- Born: Lamu Palden 27 January 1932 Darjeeling, British India
- Died: 1 June 2012 (aged 80)
- Education: Medical College and Hospital, Kolkata
- Occupation: Nurse
- Known for: First Nepalese trained–nurse
- Spouse: Bhubaneswar Amatya
- Children: Yogeshwar Amatya

= Lamu Amatya =

First Nepalese trained–nurse (1932 – 2012)

Lamu Amatya (27 January 1932 – 1 June 2012) was the first Nepalese trained–nurse. She received her nursing degree in 1954 and started working in 1956. In 2017, the Ministry of Health and Population of Nepal certified and declared her as the first Nepalese nurse posthumously. Her son Yogeshwar Amatya, a popular Nepalese singer and musician, accepted the certificate on her behalf.

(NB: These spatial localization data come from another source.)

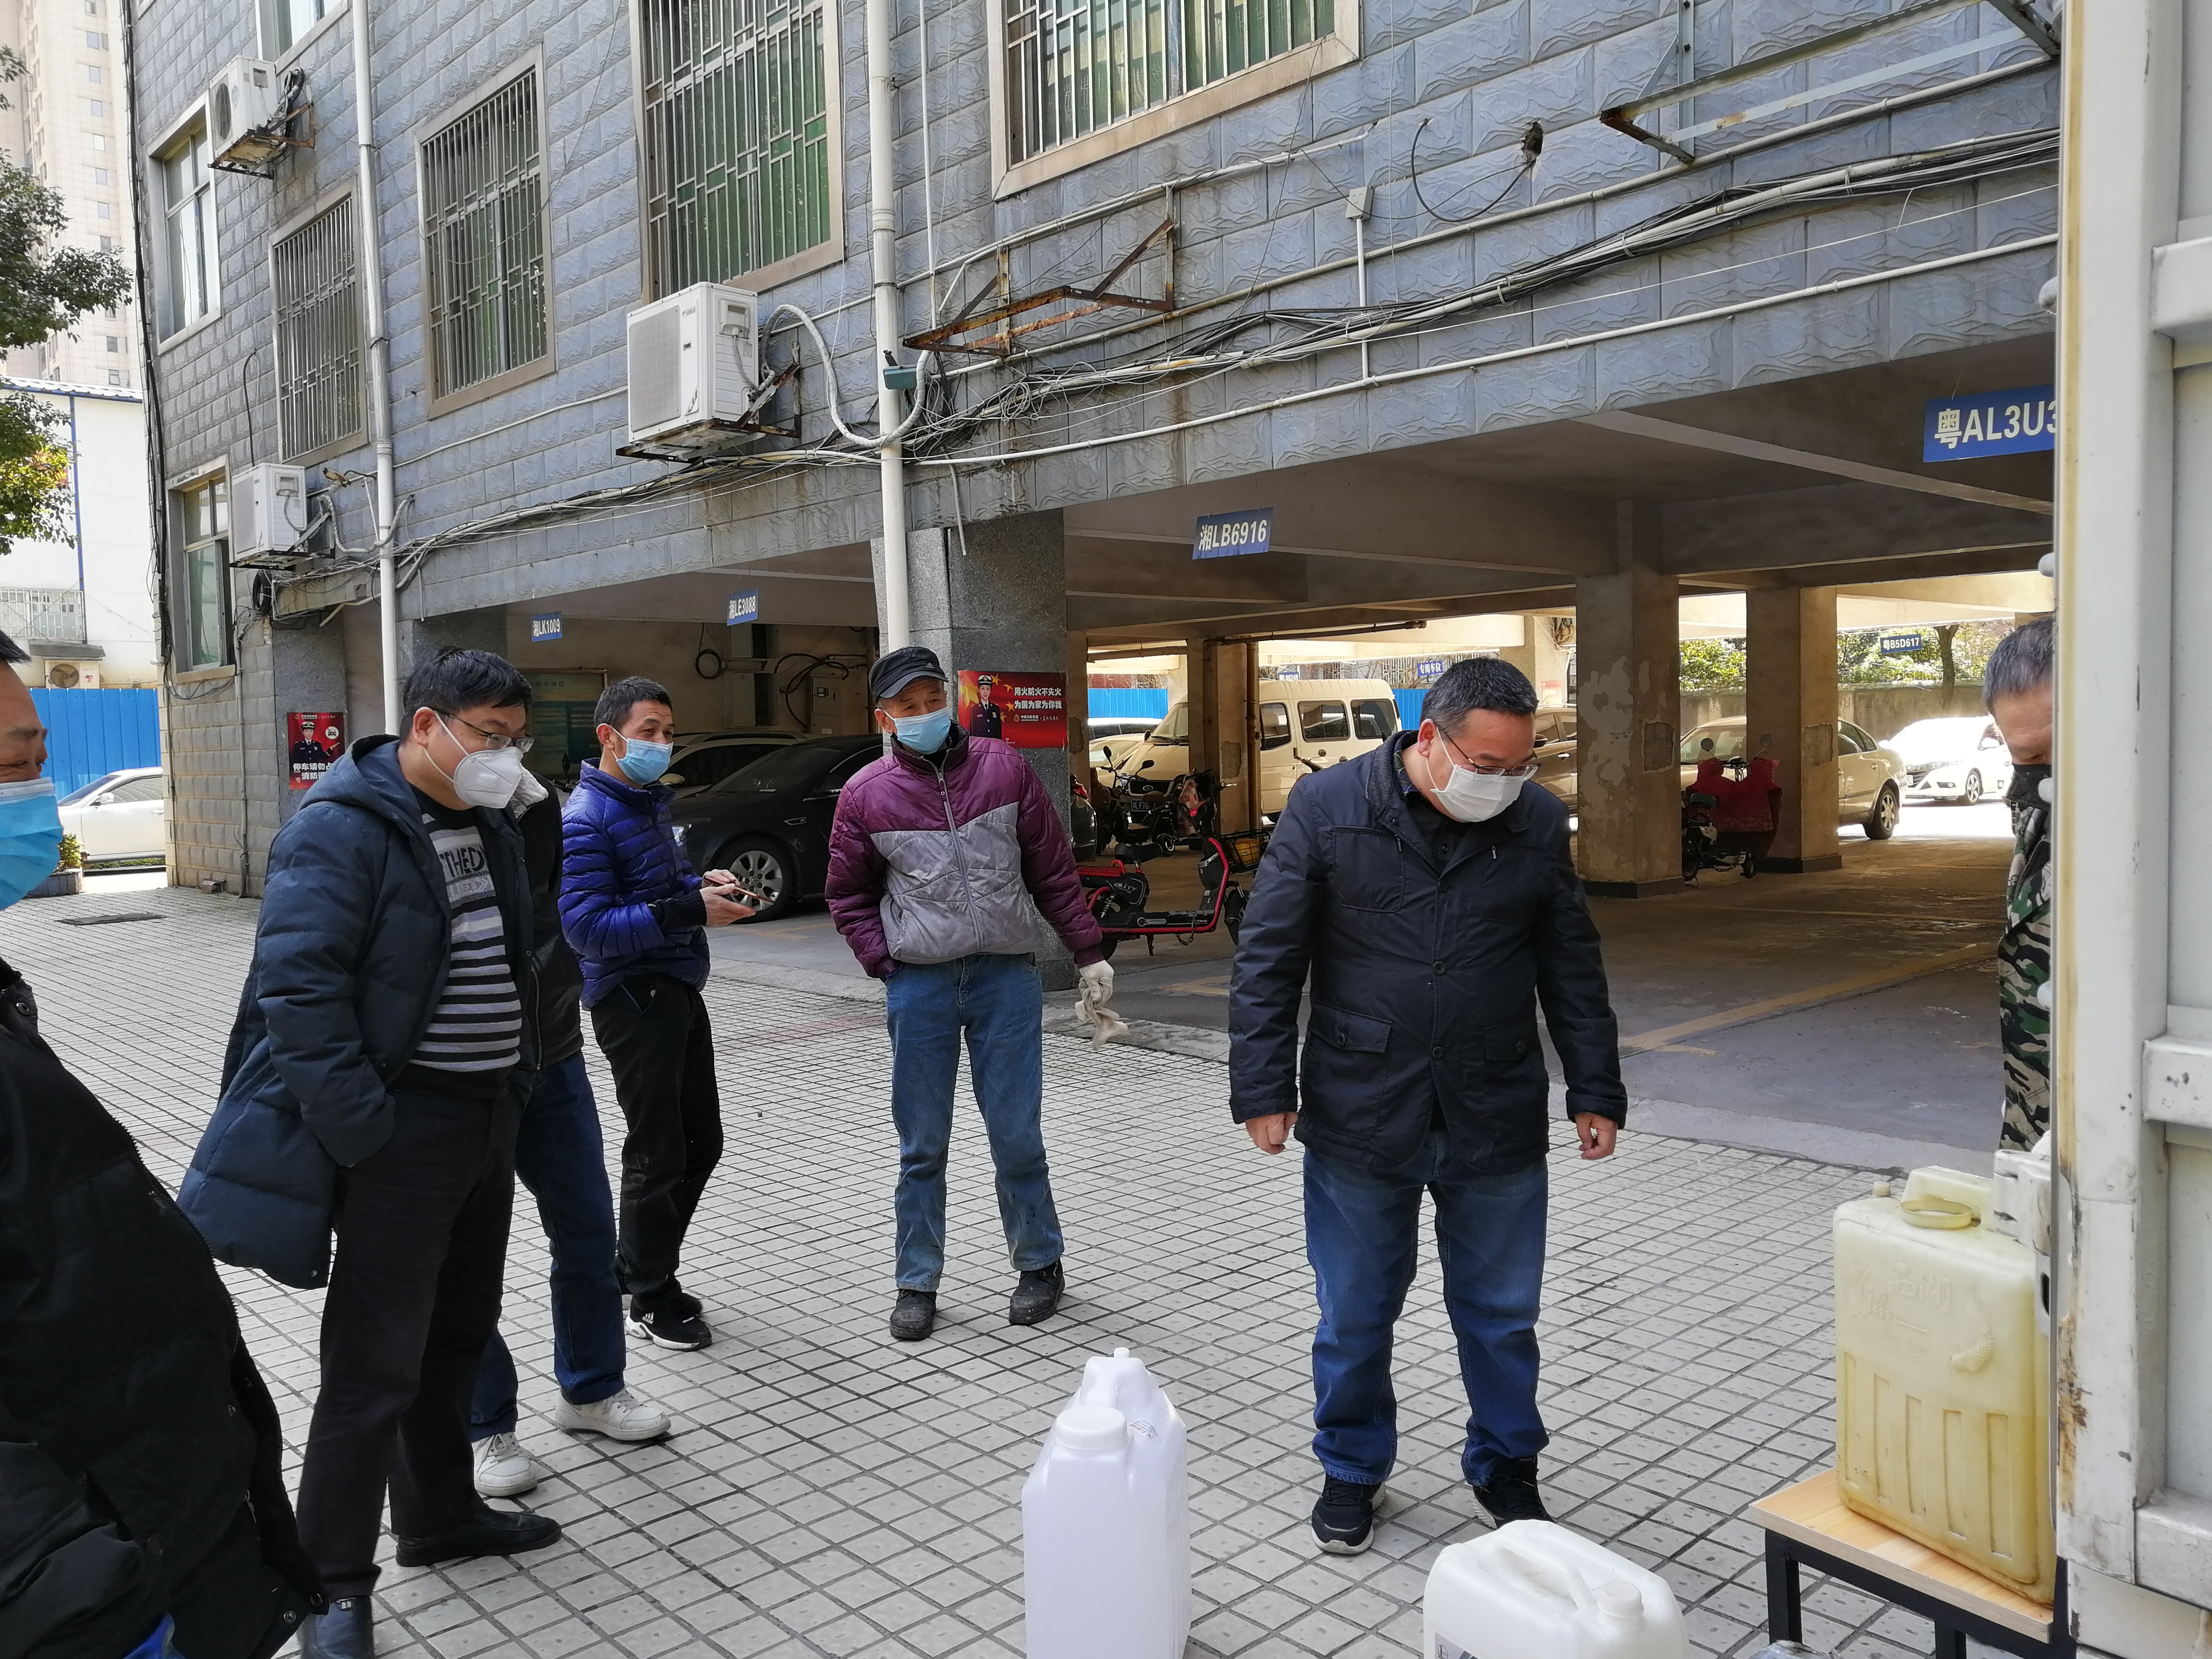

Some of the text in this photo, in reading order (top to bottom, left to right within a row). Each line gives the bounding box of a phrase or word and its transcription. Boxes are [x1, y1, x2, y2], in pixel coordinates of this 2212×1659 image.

[1198, 519, 1267, 551] 湘LB6916
[729, 595, 756, 619] 湘LE3088
[533, 618, 560, 637] 湘LK1009
[1882, 637, 1919, 650] 粤B5D617
[1419, 662, 1442, 674] 专用车位
[1014, 687, 1062, 696] 用火防火不失火
[1014, 700, 1062, 709] 为国为家为你我

== Early life and education ==
Amatya was born as Lamu Palden on 27 January 1932 (14 Magh 1988 BS) in Darjeeling, India. When Lamu was very young, her mother died. Her father Sirdar Karma 'Paul' Palden was a mountaineer. Palden was originally from Solukhumbu district. He was the porter and interpreter of the mountaineers George Mallory and Andrew "Sandy" Irvine during the 1924 British Mount Everest expedition. Later, Karma moved to Darjeeling, which was a major mountaineering hub at that time. After the death of Lamu's mother, Karma remarried.

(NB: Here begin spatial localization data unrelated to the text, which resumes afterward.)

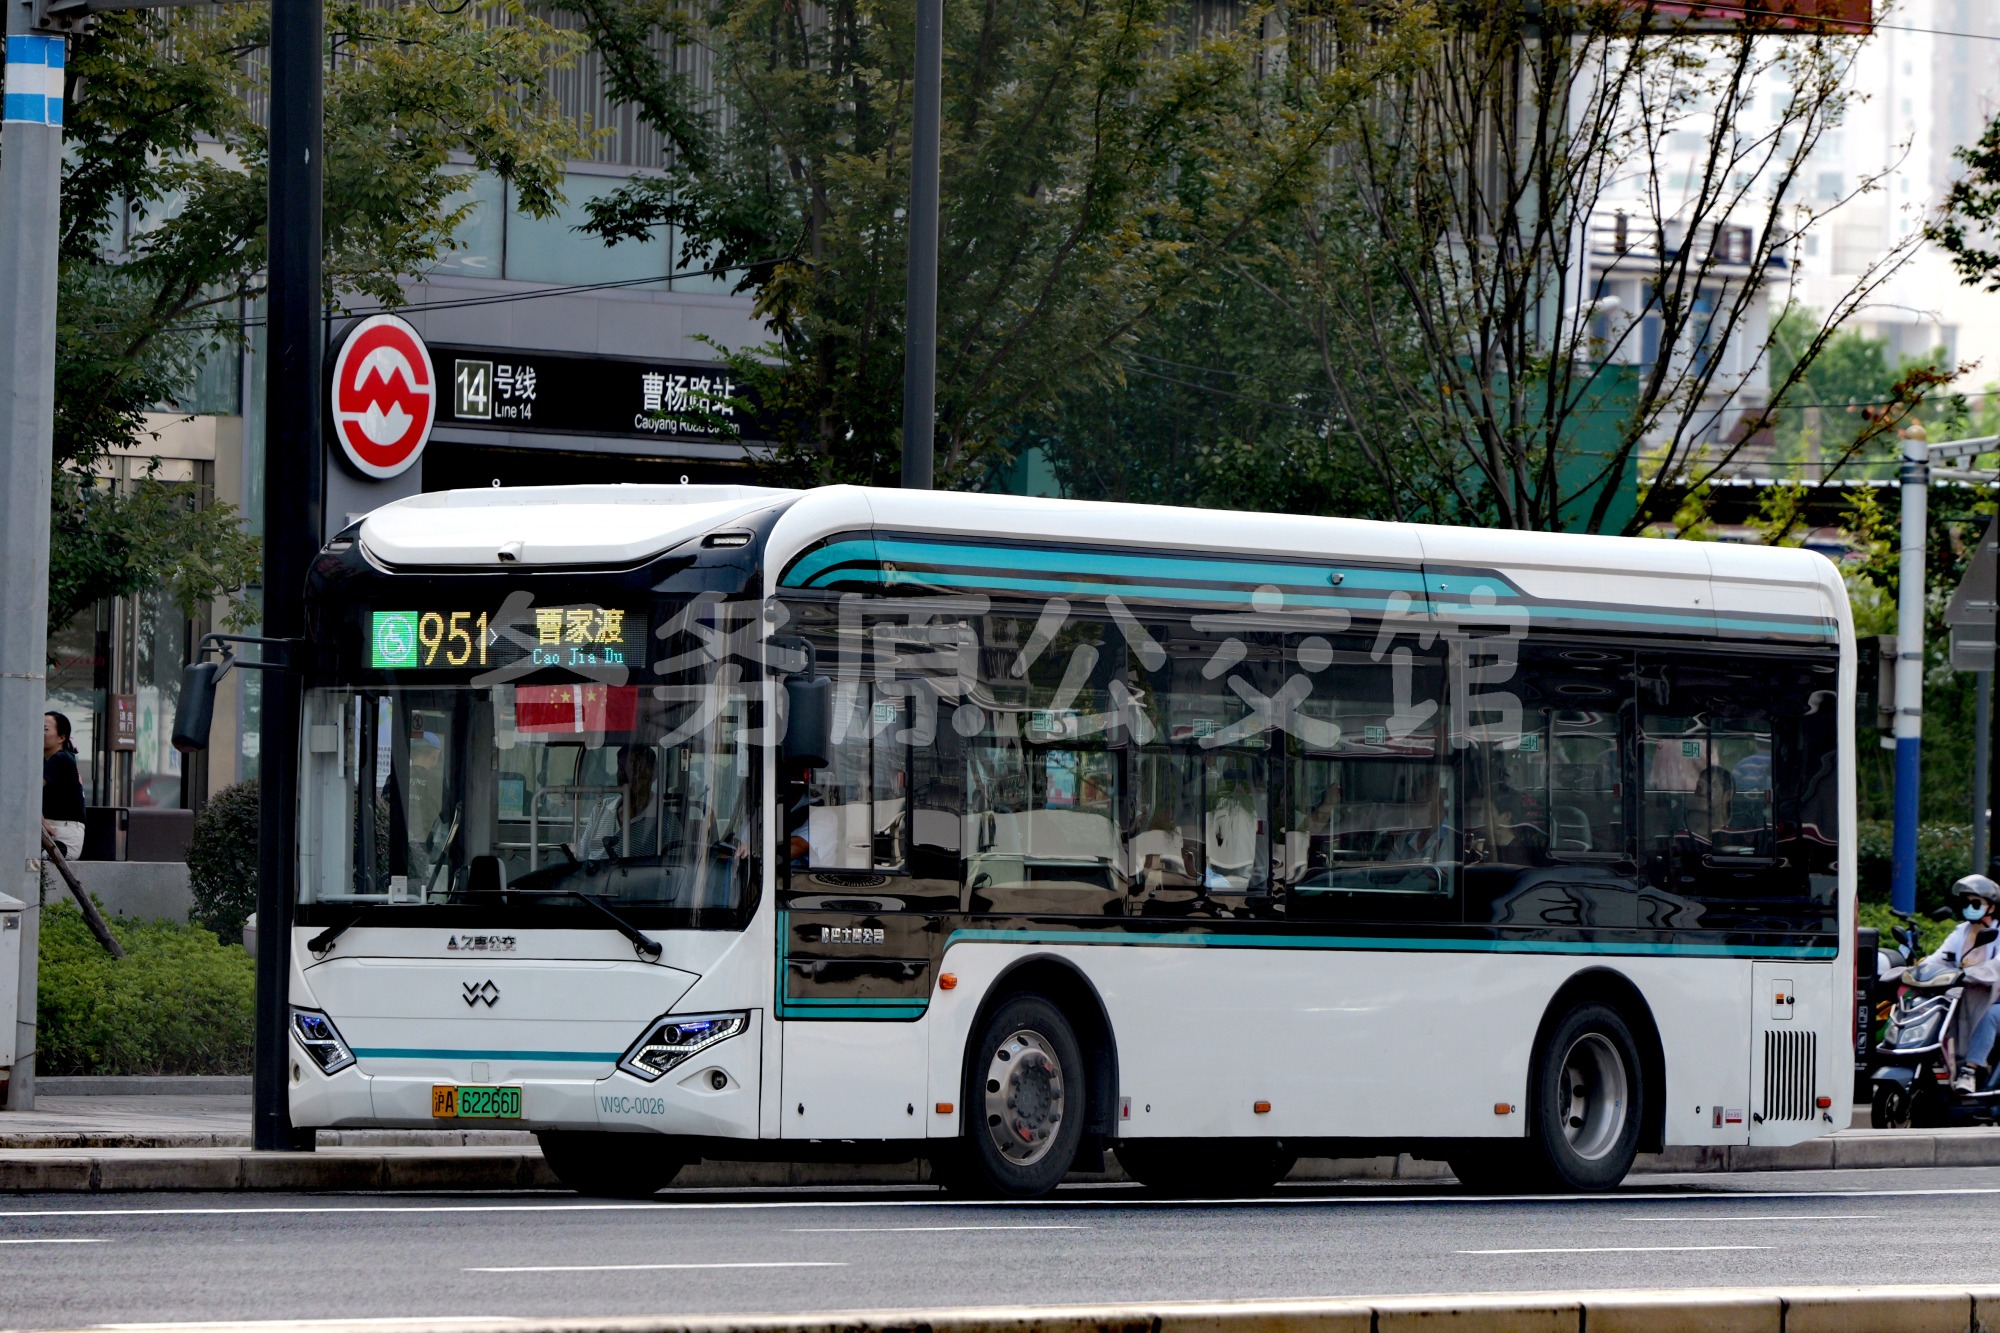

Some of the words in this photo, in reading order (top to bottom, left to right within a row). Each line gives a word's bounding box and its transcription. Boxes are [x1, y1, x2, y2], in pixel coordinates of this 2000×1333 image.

[457, 366, 488, 413] 14
[493, 365, 537, 400] 号线
[641, 371, 736, 416] 曹杨路站
[495, 401, 518, 418] Line
[519, 402, 532, 420] 14
[634, 413, 677, 435] Caoyang
[419, 611, 488, 666] 951
[535, 608, 625, 645] 曹家渡
[532, 649, 560, 665] Cao
[568, 649, 597, 666] Jia
[604, 648, 624, 664] Du
[600, 1096, 665, 1115] W9C-0026

Lamu was sent to Kolkata for her education, where she grew up. She received her nursing degree from Medical College and Hospital, Kolkata in 1954.

== Marriage ==
Lamu Amatya met her future husband, Bhubaneswar Amatya, in Kolkata, while she was training as a nurse. Bhubaneswar Amatya was studying dentistry in Kolkata. One day he had gone to Calcutta Medical College for his leg treatment, there he met Lamu and fell in love with her. Bhubaneswar Amatya then frequently visited her. They married in 1953. After completing her nursing degree in 1954, they returned to Nepal and she became a naturalised citizen of Nepal.

== Nursing career ==
During the time, Amatya came to Kathmandu, the maternal mortality was very high in Nepal. Indra Rajya Laxmi Shah, the wife of King Mahendra had also died during childbirth in 1950. Mahendra heard about the arrival of Amatya in Kathmandu and met her. He asked her to open a nursing school in Kathmandu. So, on 13 March 1956 (30 Falgun 2032 BS), Amatya opened the first ever nursing school in Nepal by renting a building in Chhetrapati. The Nepal Nursing Association was also established under Lamu's leadership.

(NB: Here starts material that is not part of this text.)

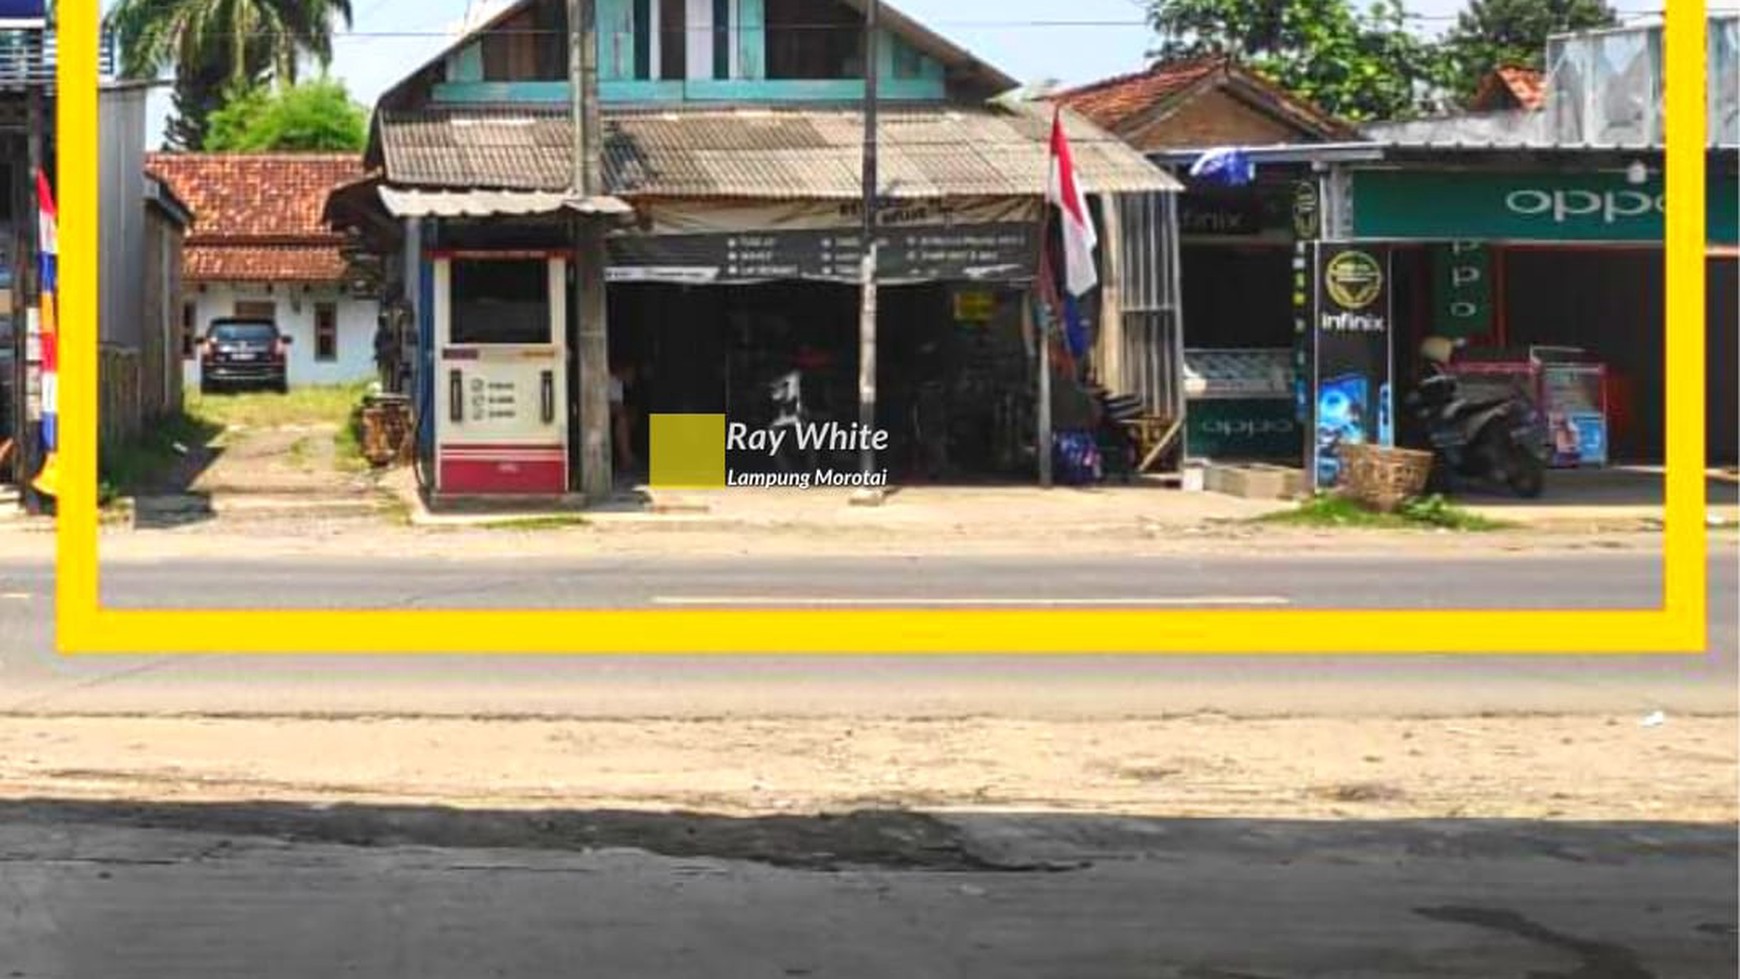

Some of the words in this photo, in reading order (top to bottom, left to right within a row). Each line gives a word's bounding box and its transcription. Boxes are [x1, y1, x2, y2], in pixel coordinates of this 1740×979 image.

[1505, 188, 1666, 223] opp
[1322, 311, 1386, 332] infinix
[1202, 417, 1294, 439] oppo

== First Nepalese nurse title ==
The first Nepalese nurse title was debated for a long time between her and Uma Devi Das. On 30 April 2017 (7 Magh 2073 BS), Gagan Thapa, the then Minister of Health and Population declared Amatya as the first nurse of Nepal. Both Amatya's and Das' family had provided evidences regarding the claim to the title of first ever Nepalese nurse, and Amatya was decided based on those evidences. The title and certificate was provided to Amatya posthumously. Yogeshwar Amatya, Lamu Amatya's son received the official certificate on her behalf.

== Personal life and death ==
She died on 1 June 2012 (19 Jestha 2069 BS), due to Alzheimer's disease. Her son Yogeshwar Amatya is a popular Nepali singer.